*Exercise aim*
From the first line to the last, output the data exactly as it stands, minus its pictures.

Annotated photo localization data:
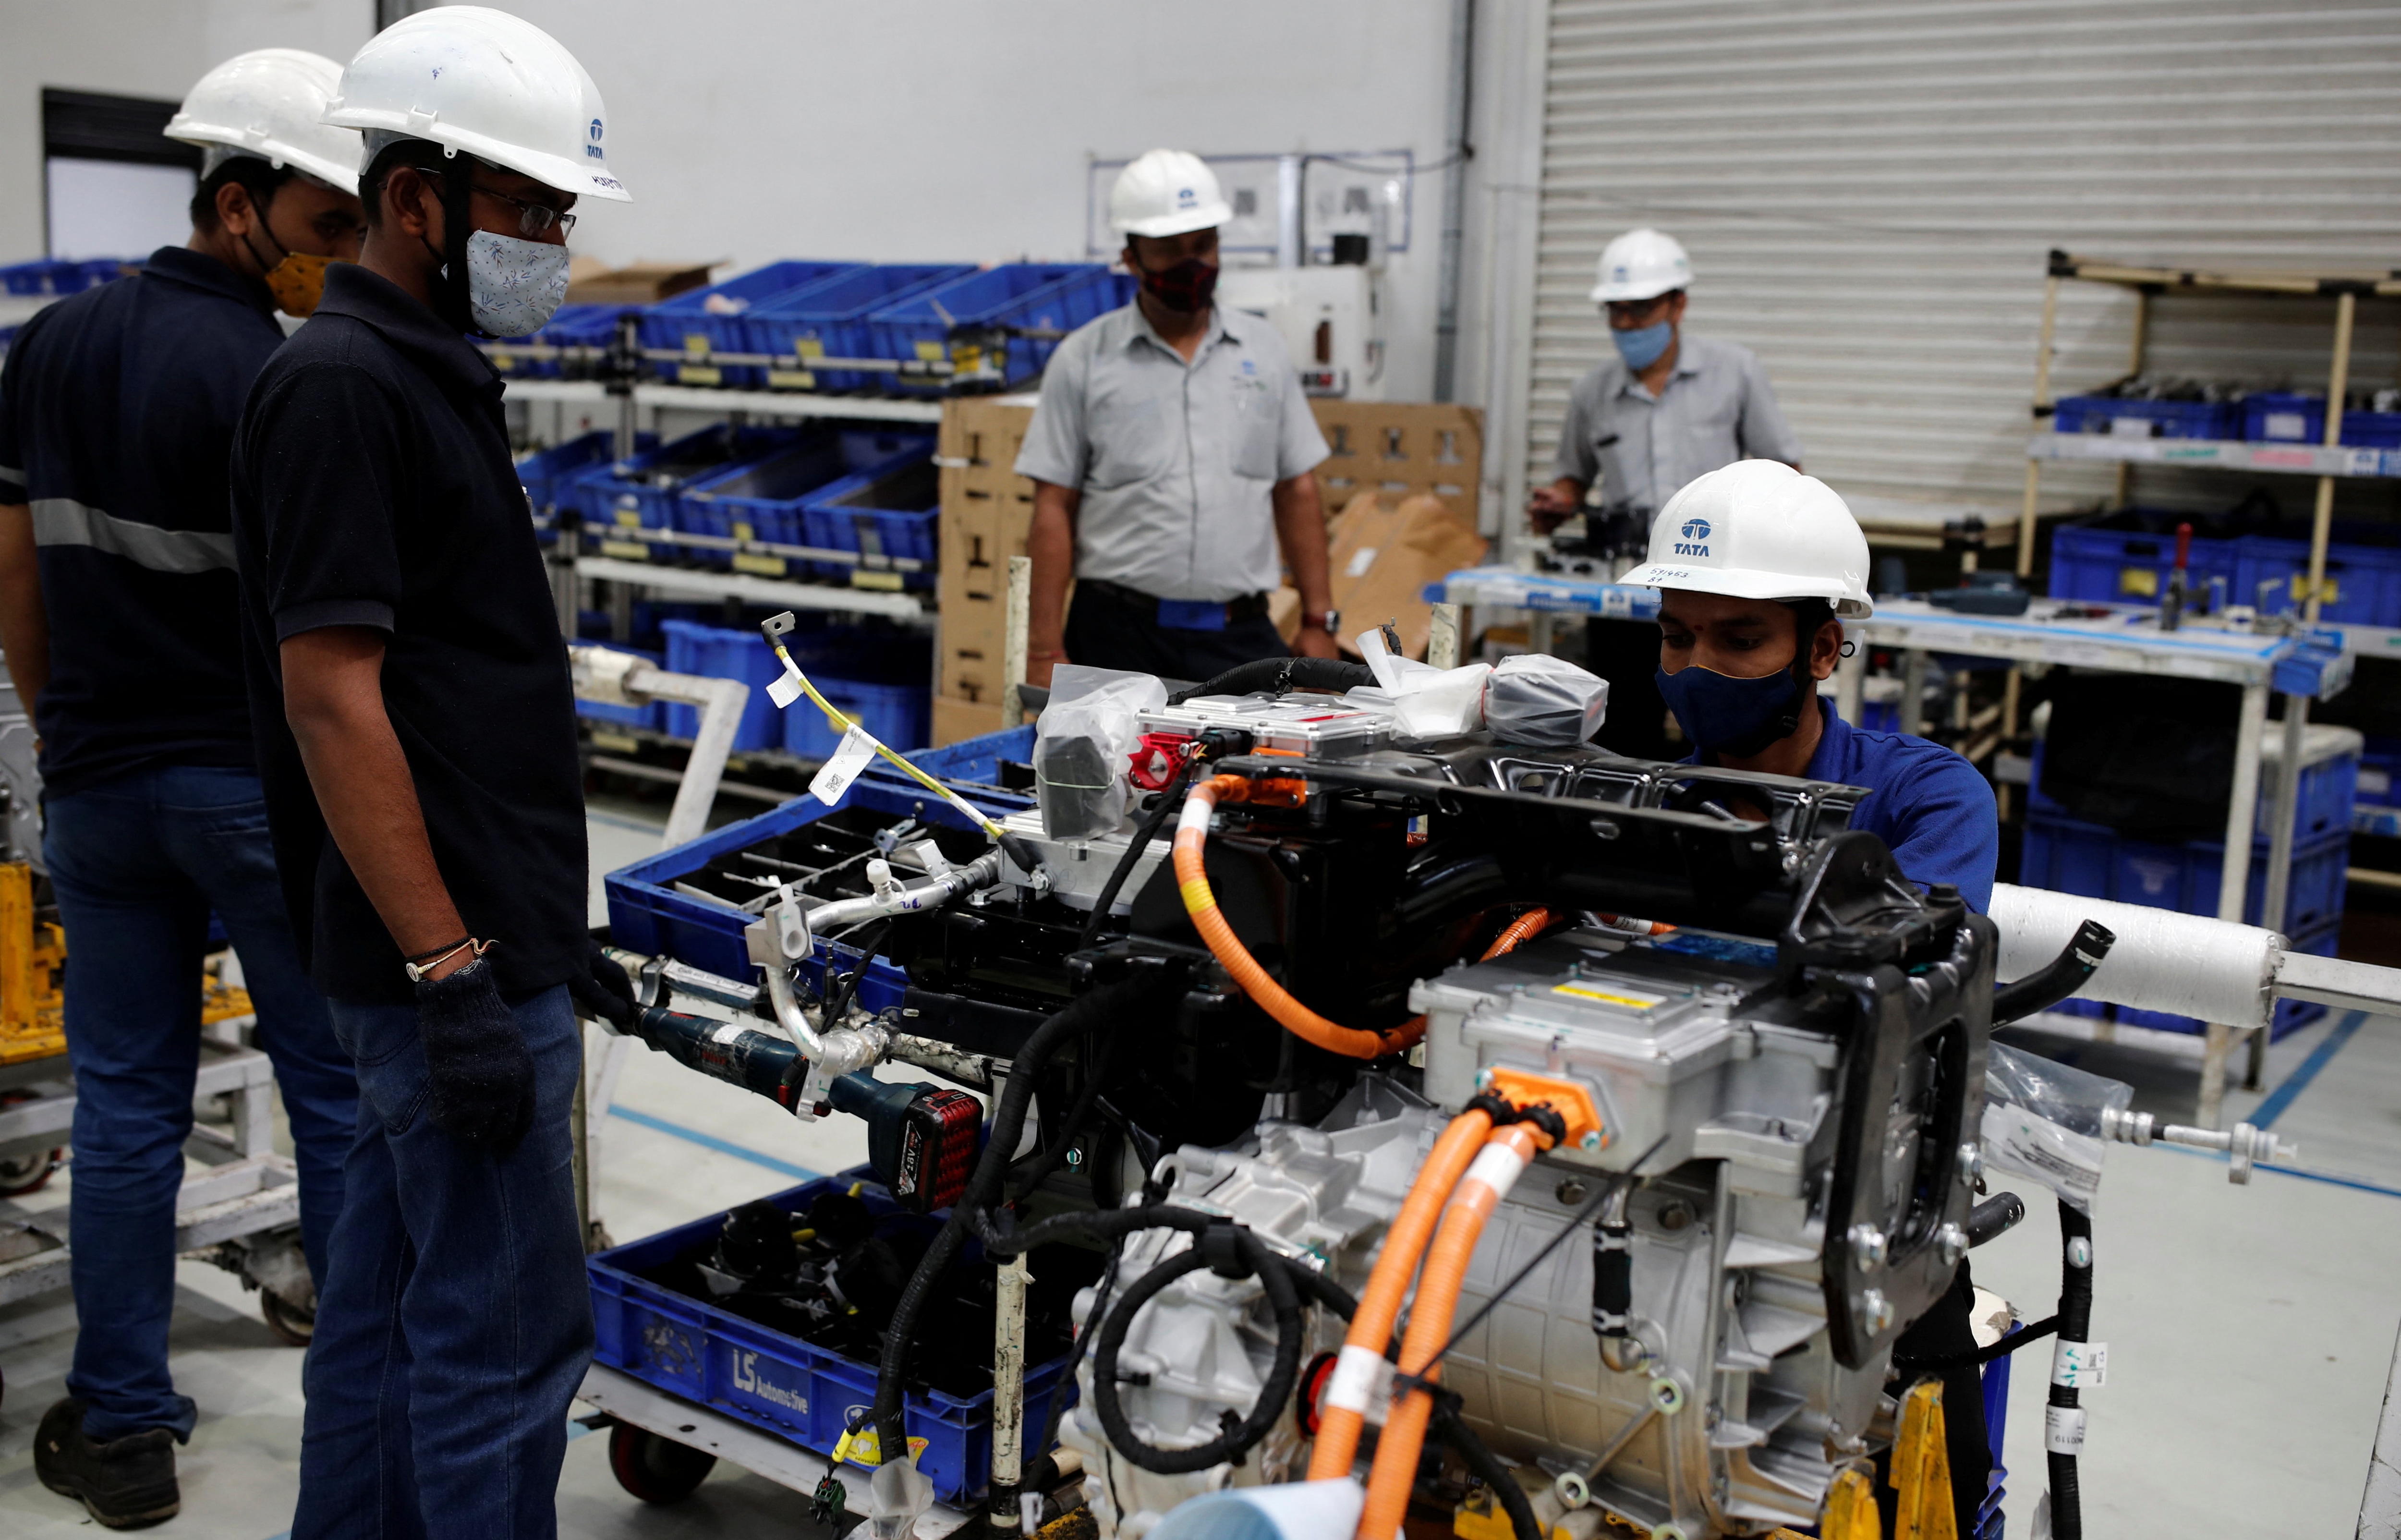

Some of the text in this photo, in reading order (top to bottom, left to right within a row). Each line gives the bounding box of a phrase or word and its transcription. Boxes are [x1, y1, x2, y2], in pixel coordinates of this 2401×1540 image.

[587, 145, 603, 159] TATA
[1674, 543, 1709, 557] TATA
[906, 1148, 916, 1172] 18V
[733, 1348, 758, 1393] LS
[756, 1375, 809, 1415] Automotive

*Problem solution*
Some of the text in this photo, in reading order (top to bottom, left to right within a row). Each line gives the bounding box of a phrase or word and its transcription. Boxes are [x1, y1, x2, y2], in pixel coordinates of this 2401×1540 image.

[587, 145, 603, 159] TATA
[1674, 543, 1709, 557] TATA
[906, 1148, 916, 1172] 18V
[733, 1348, 758, 1393] LS
[756, 1375, 809, 1415] Automotive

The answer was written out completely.